This Novel Is Not a Body #WritingwithWoolf #NationalPoetryMonth #NaPoWriMo2020

For National Poetry Month, I’m writing poems inspired by words, ideas, and images in Virginia Woolf’s Diary.

Of course what readers find most interesting in the Diaries are not the constant round of teas, dinners, lunches, parties, or the cranky and occasionally cruel comments about friends and acquaintances but the insight into Woolf’s art. She is very interested in capturing and understanding her own process. Passivity, emptiness after finishing a novel, a period of feeling that ideas won’t ever come again, she’s dried up and done. Then an image comes to her. She lets it percolate for a bit, then sits by the fire and makes up an entire novel between tea and dinner. (On one afternoon she makes up both Orlando and The Waves at the same time in the same journal entry!). She doesn’t write it right away. She lets the novel begin to develop and grow in her mind, sometimes for several months or even a year, before she begins writing it.

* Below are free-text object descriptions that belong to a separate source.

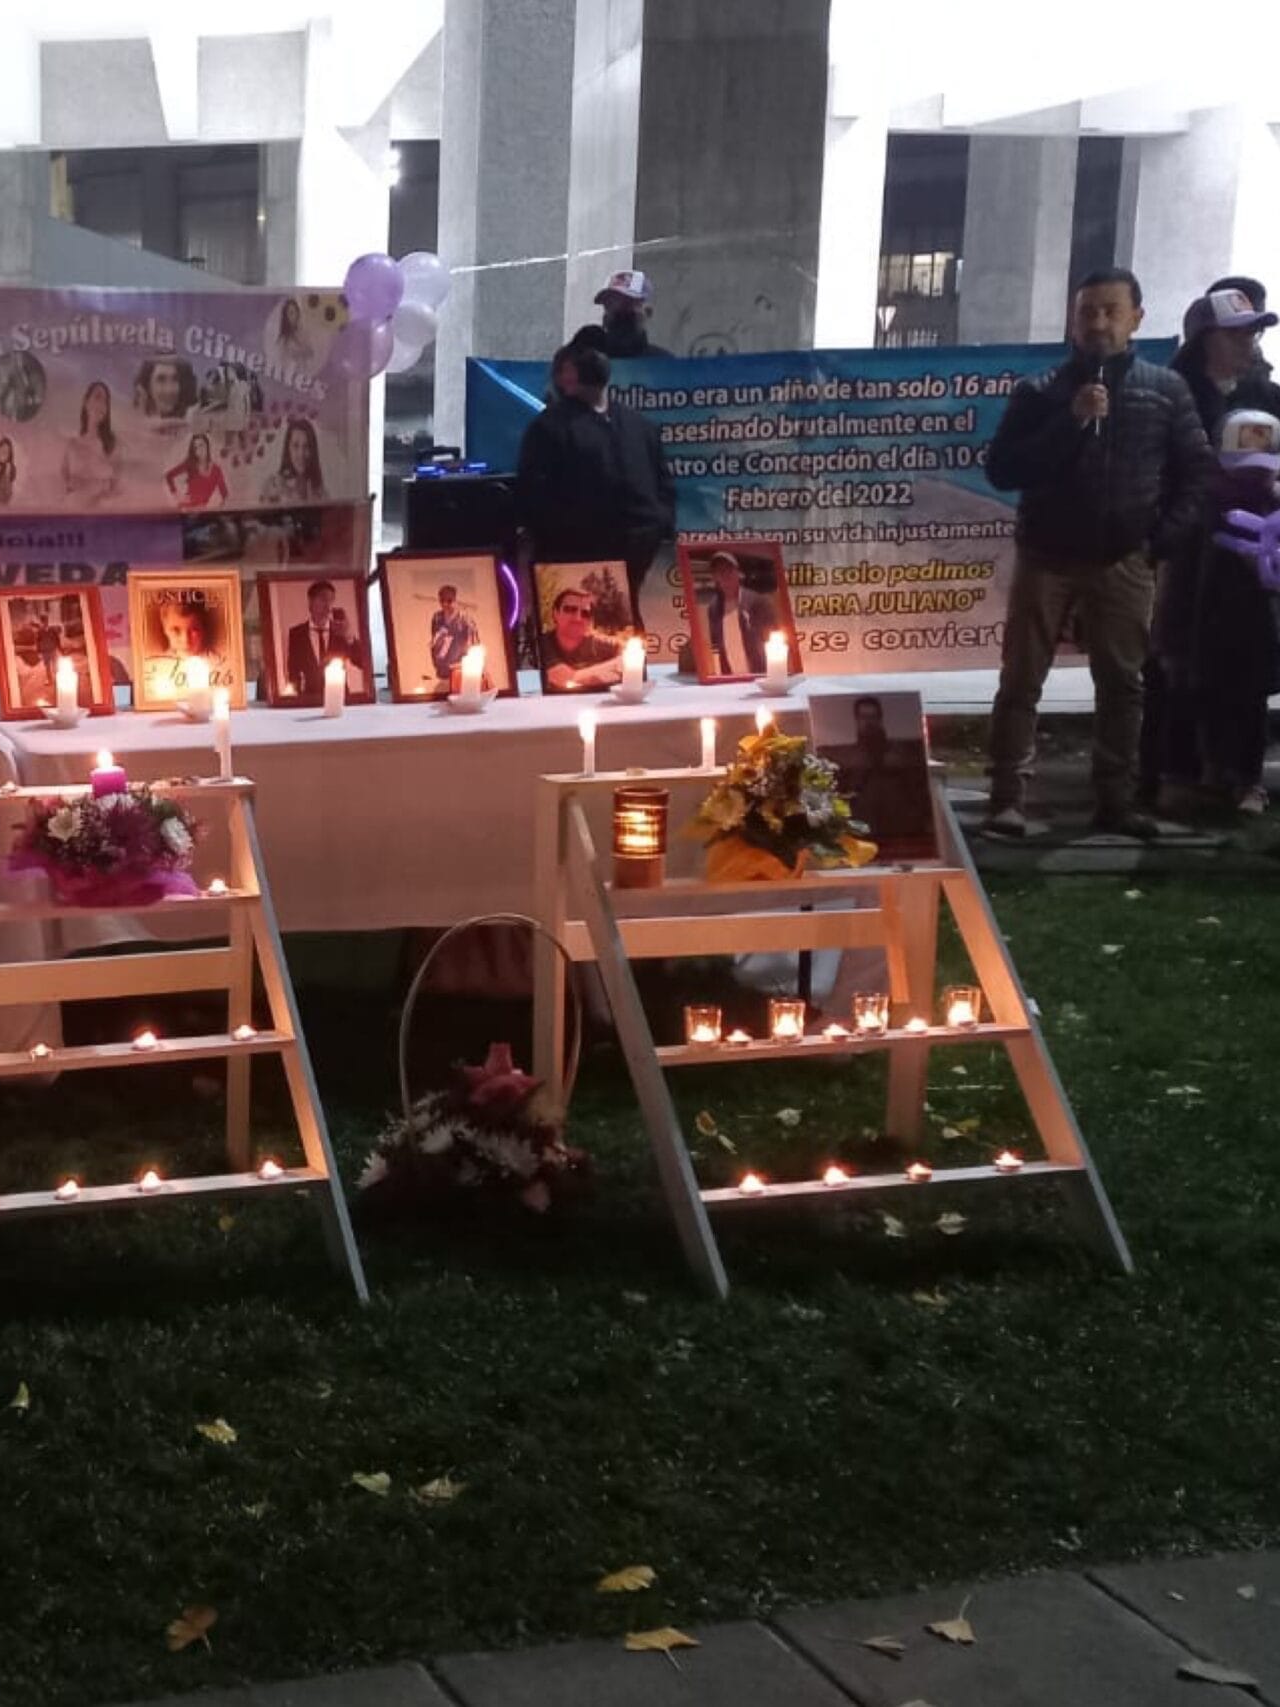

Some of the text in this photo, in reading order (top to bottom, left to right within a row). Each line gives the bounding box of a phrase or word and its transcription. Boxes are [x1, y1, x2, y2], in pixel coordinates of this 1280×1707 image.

[11, 314, 174, 352] Sepúlveda
[185, 324, 329, 400] Cifuentes
[692, 387, 728, 405] era
[734, 386, 763, 404] un
[770, 377, 818, 403] niño
[823, 375, 851, 399] de
[857, 379, 891, 398] tan
[896, 374, 945, 398] solo
[952, 374, 979, 396] 16
[983, 371, 1019, 396] añ
[661, 408, 974, 443] asesinado brutalmente en el
[711, 453, 740, 474] de
[745, 449, 872, 477] Concepción
[877, 446, 897, 469] el
[902, 445, 938, 468] día
[946, 446, 971, 467] 10
[727, 483, 912, 510] Febrero del 2022
[802, 530, 825, 544] su
[830, 523, 871, 542] vida
[878, 520, 1016, 545] injustamente
[832, 561, 884, 584] solo
[889, 559, 994, 587] pedimos
[796, 589, 986, 617] PARA JULIANO"
[811, 630, 849, 651] se
[863, 620, 1005, 650] conviert

This poem is working with passages from the Diary about Orlando and The Waves.

As for my next book, I am going to hold myself from writing till I have it impending in me: grown heavy in my mind like a ripe pear; pendant, gravid, asking to be cut or it will fall.

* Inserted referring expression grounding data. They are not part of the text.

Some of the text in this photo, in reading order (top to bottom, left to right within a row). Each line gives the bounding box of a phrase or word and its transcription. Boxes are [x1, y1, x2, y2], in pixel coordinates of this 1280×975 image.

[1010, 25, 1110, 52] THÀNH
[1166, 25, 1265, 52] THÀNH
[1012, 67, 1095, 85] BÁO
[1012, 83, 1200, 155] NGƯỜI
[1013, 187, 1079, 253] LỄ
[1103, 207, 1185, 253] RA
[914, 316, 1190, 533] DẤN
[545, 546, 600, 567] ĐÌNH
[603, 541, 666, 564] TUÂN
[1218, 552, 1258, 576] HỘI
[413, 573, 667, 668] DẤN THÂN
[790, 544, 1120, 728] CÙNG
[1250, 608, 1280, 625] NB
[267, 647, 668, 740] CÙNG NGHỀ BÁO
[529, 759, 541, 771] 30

For some weeks, since finishing The Lighthouse I have thought myself virgin, passive, blank of ideas. I toyed vaguely with some thoughts of a flower whose petals fall; of time all telescoped into one lucid channel though wh. my heroine was to pass at will. The petals falling. But nothing came of it.

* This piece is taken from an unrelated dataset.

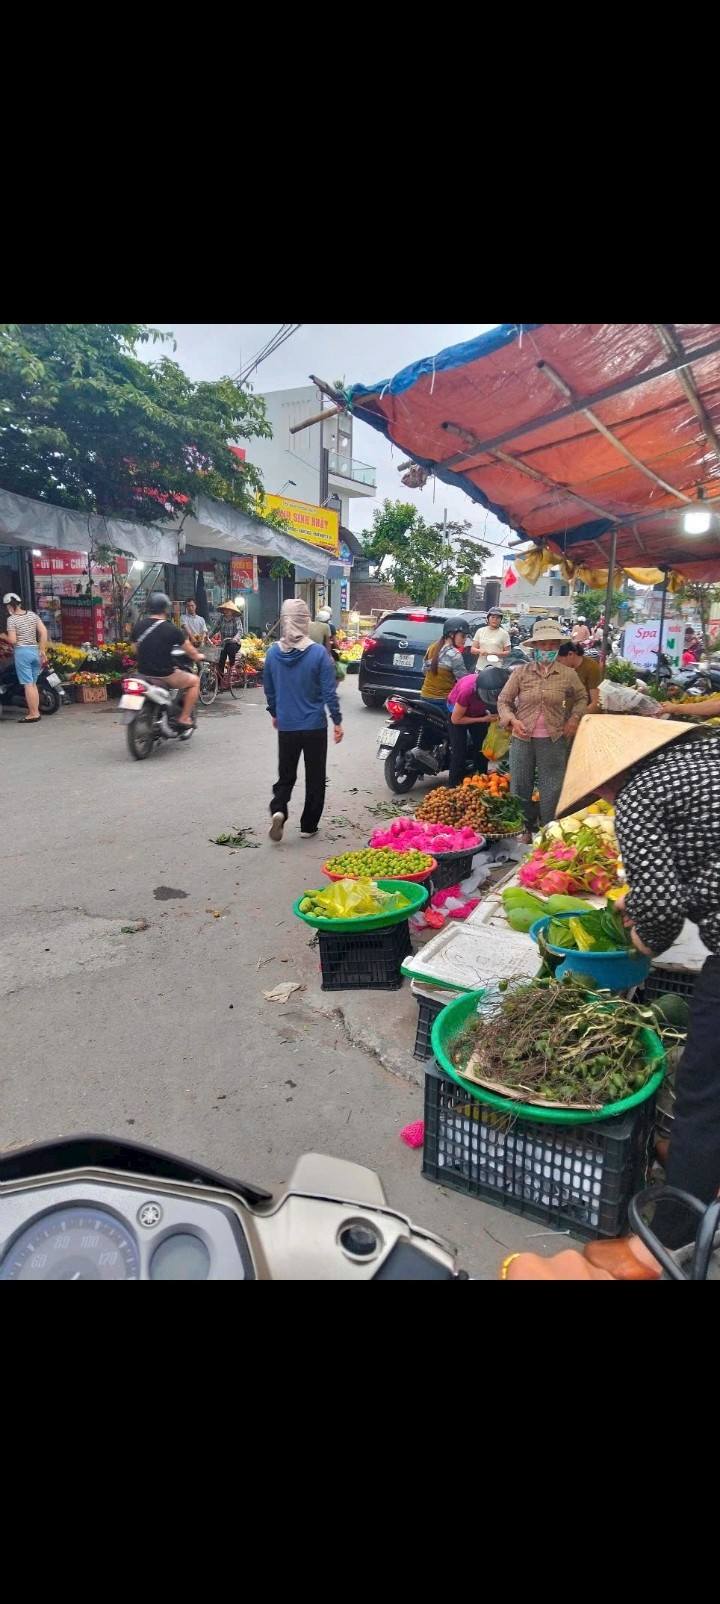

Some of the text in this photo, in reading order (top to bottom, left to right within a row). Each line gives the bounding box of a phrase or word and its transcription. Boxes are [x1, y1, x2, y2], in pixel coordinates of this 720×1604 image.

[635, 627, 657, 639] Spa
[80, 1235, 100, 1249] 100
[31, 1251, 118, 1269] 60 120

France: near the sea; at night; a garden under the window. But it needs ripening.

Day #18: This Novel Is Not a Body

this novel is not a body
though it grew from seed
a flower whose petals fall
the petals falling
the pear ripening on the tree
the words heavy, swollen, pendant

Photo by Eneida Nieves on Pexels.com

One thought on “This Novel Is Not a Body #WritingwithWoolf #NationalPoetryMonth #NaPoWriMo2020

  1. I love the words that Virginia Woolf used to describe a novel pending and how you interworked them into a poem. Poetry can be like that, too, growing heavy on the vine.